Omitting all images, transcribe the entries word for word.

Image-backed grounding data:
──────────

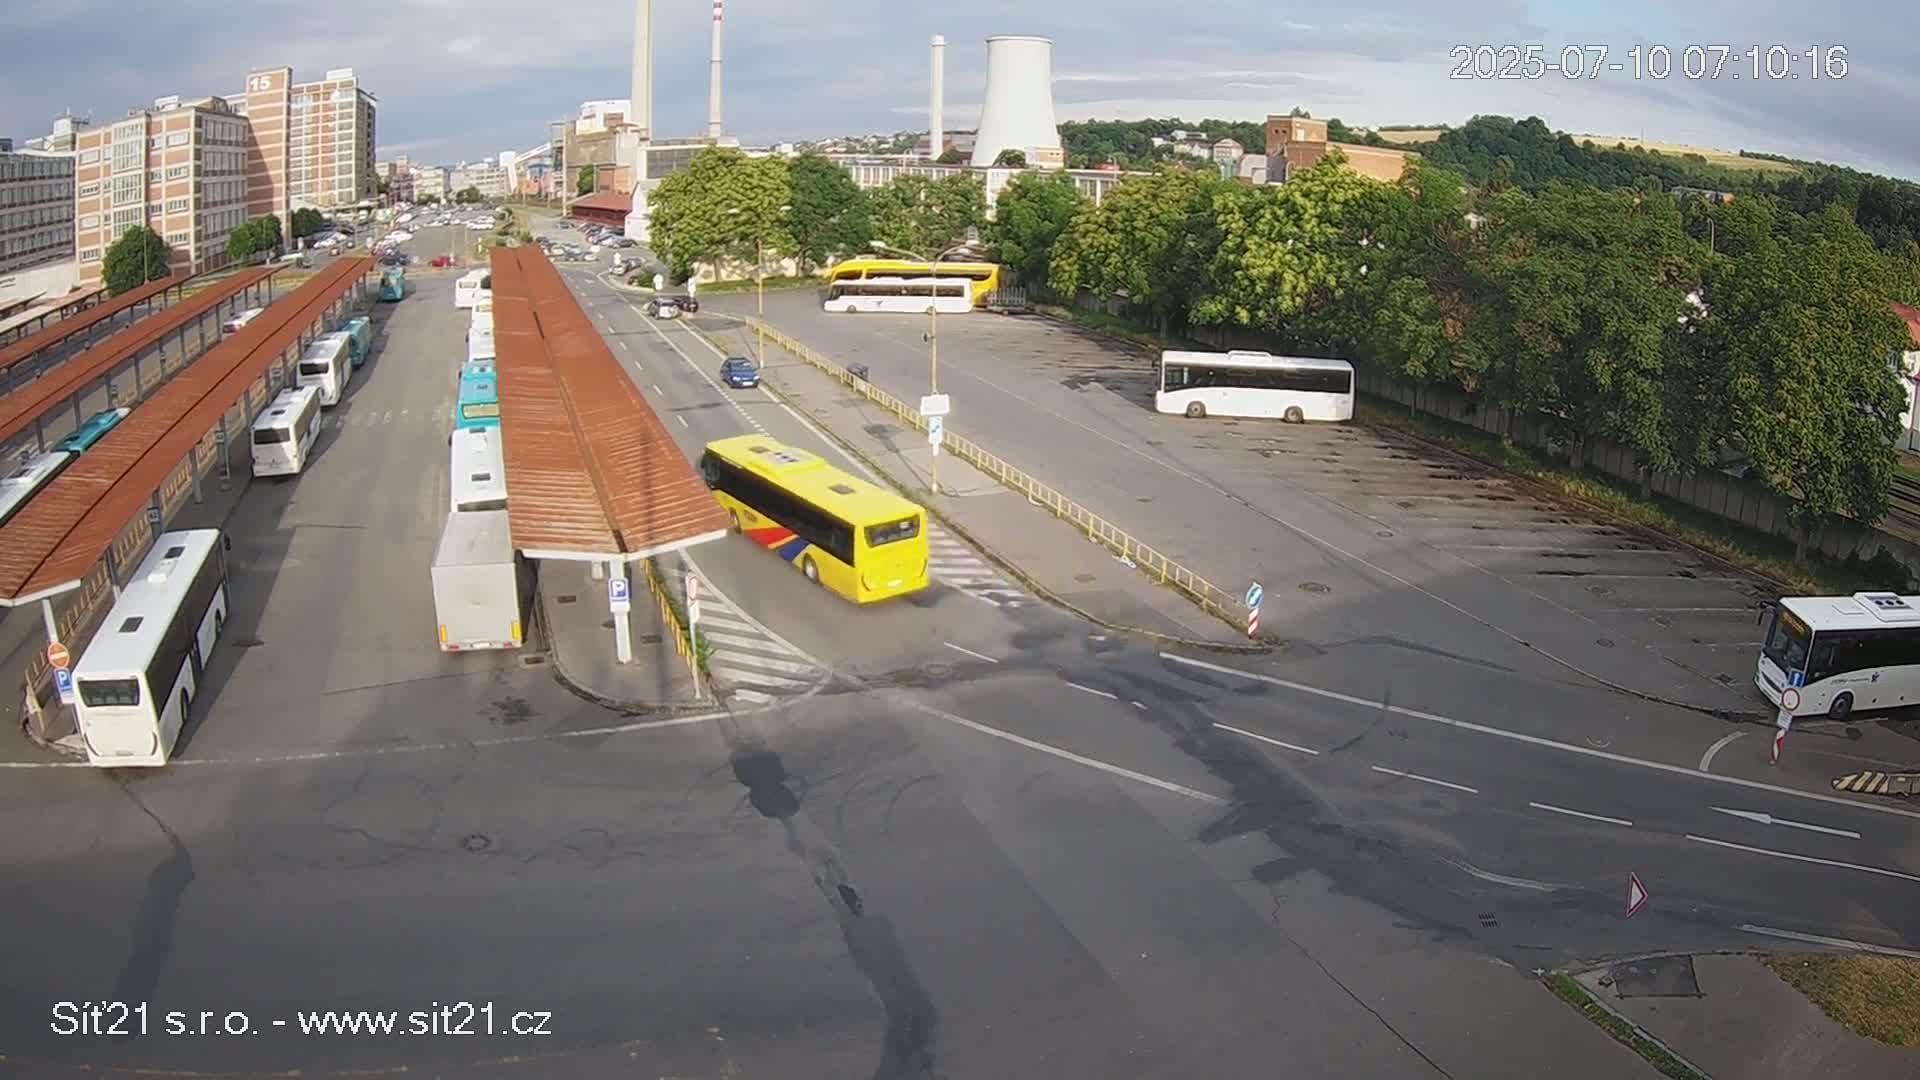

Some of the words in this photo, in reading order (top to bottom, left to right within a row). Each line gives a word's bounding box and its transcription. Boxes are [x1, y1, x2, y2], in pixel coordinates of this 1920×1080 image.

[250, 75, 271, 91] 15
[612, 581, 625, 596] P
[58, 671, 68, 686] P
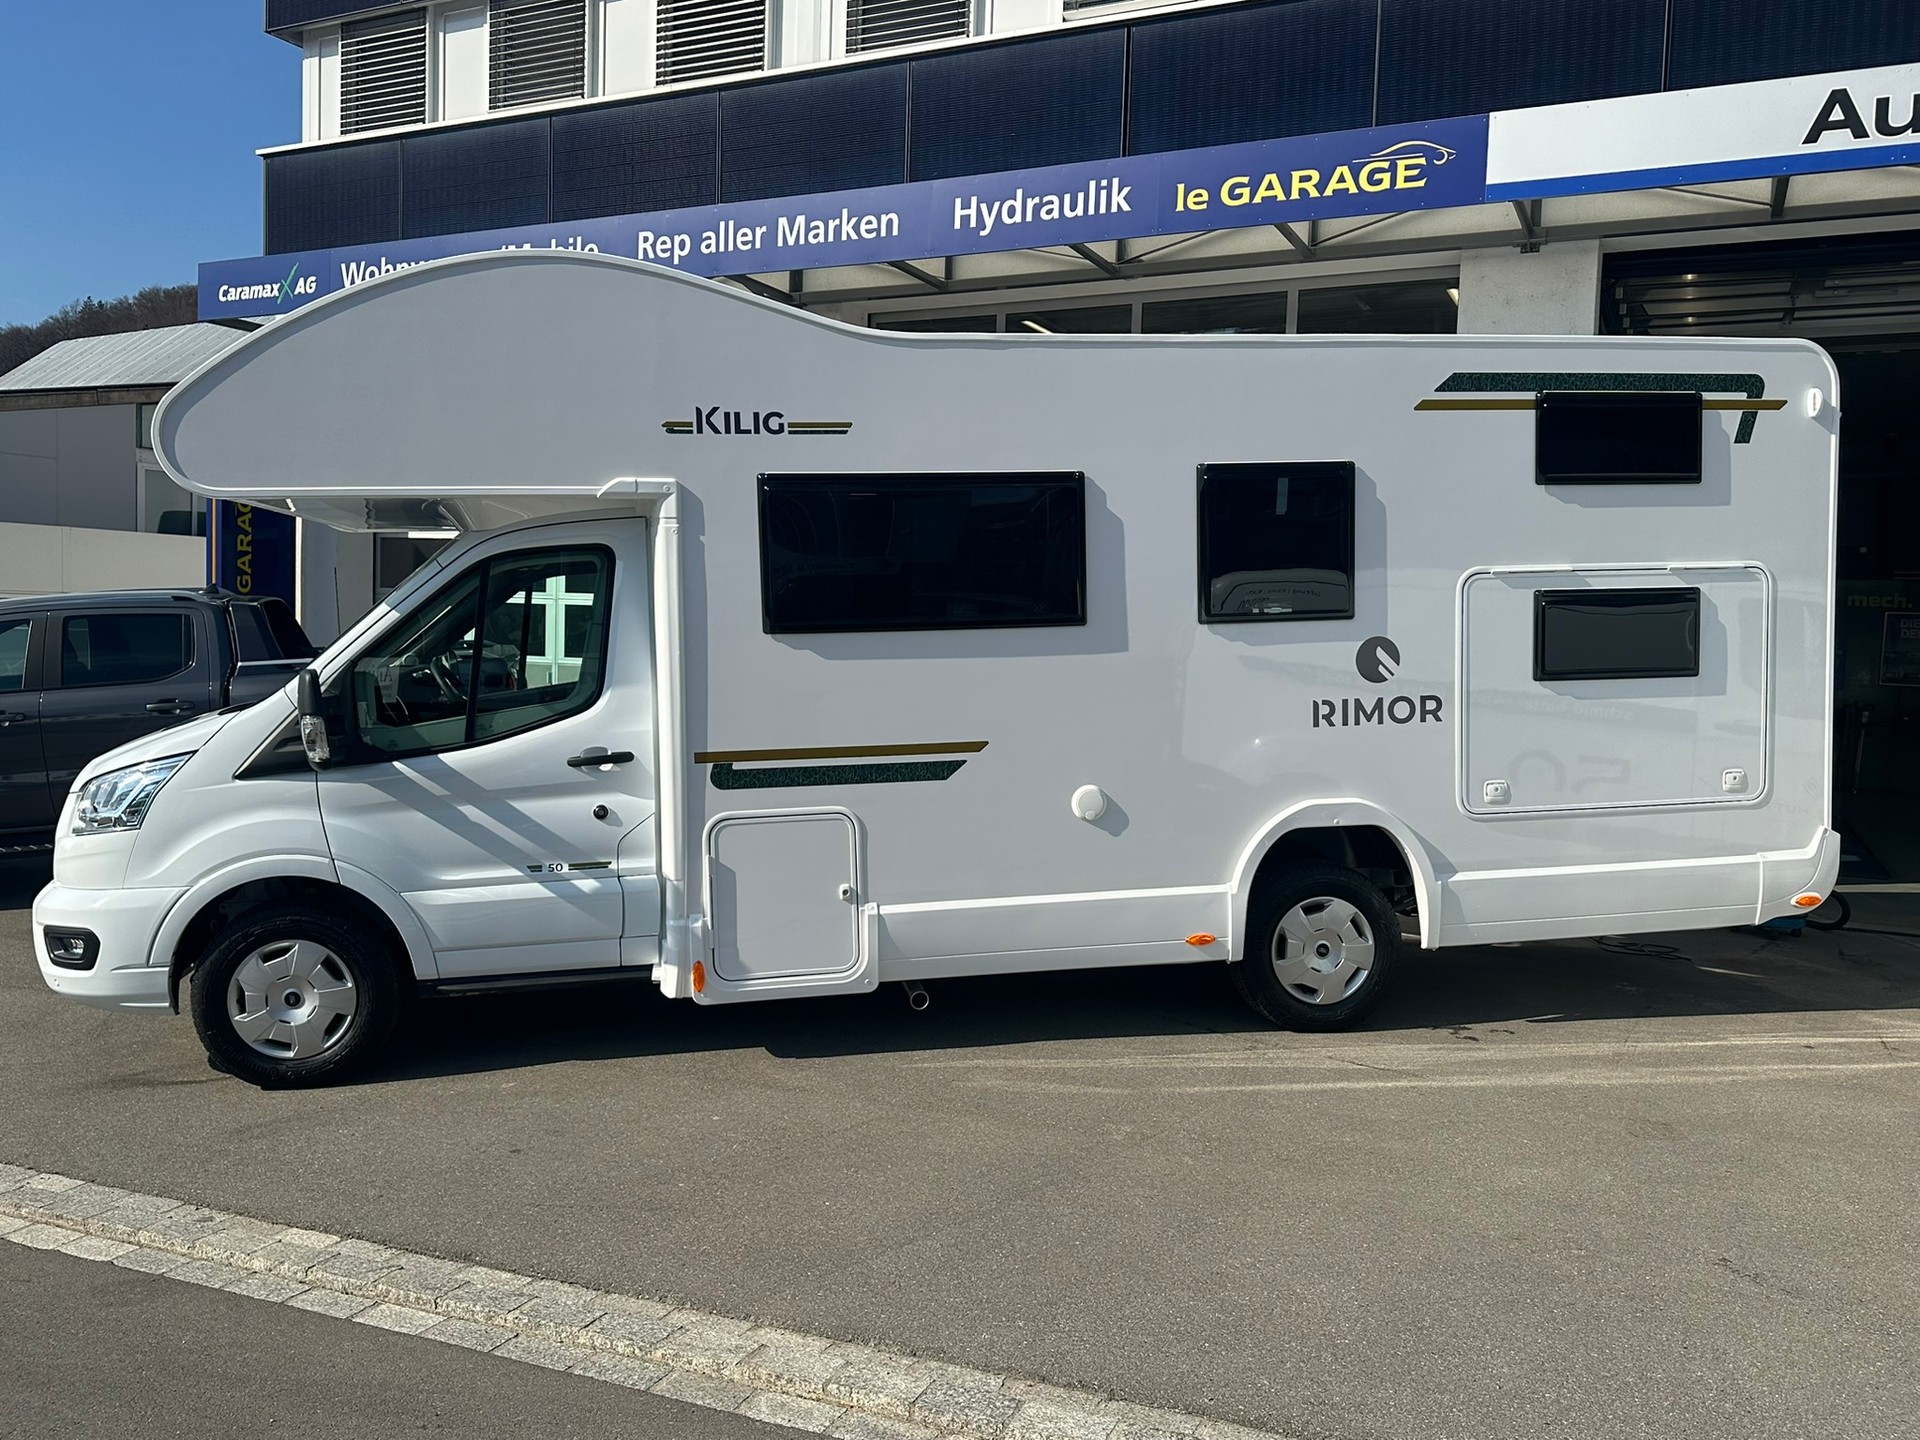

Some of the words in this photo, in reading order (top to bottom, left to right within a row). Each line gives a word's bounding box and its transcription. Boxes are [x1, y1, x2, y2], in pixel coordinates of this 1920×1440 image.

──────────

**Exercise solution**.
Some of the words in this photo, in reading order (top to bottom, left to right within a row). Each line gives a word's bounding box and its transcription. Boxes are [x1, y1, x2, y2], in pixel coordinates of this 1920×1080 image.

[250, 75, 271, 91] 15
[612, 581, 625, 596] P
[58, 671, 68, 686] P

Some of the words in this photo, in reading order (top to bottom, left to right within a row). Each line gives a word's bounding box and its transcription. Boxes are [x1, y1, x2, y2], in pixel coordinates of this 1920×1440 image.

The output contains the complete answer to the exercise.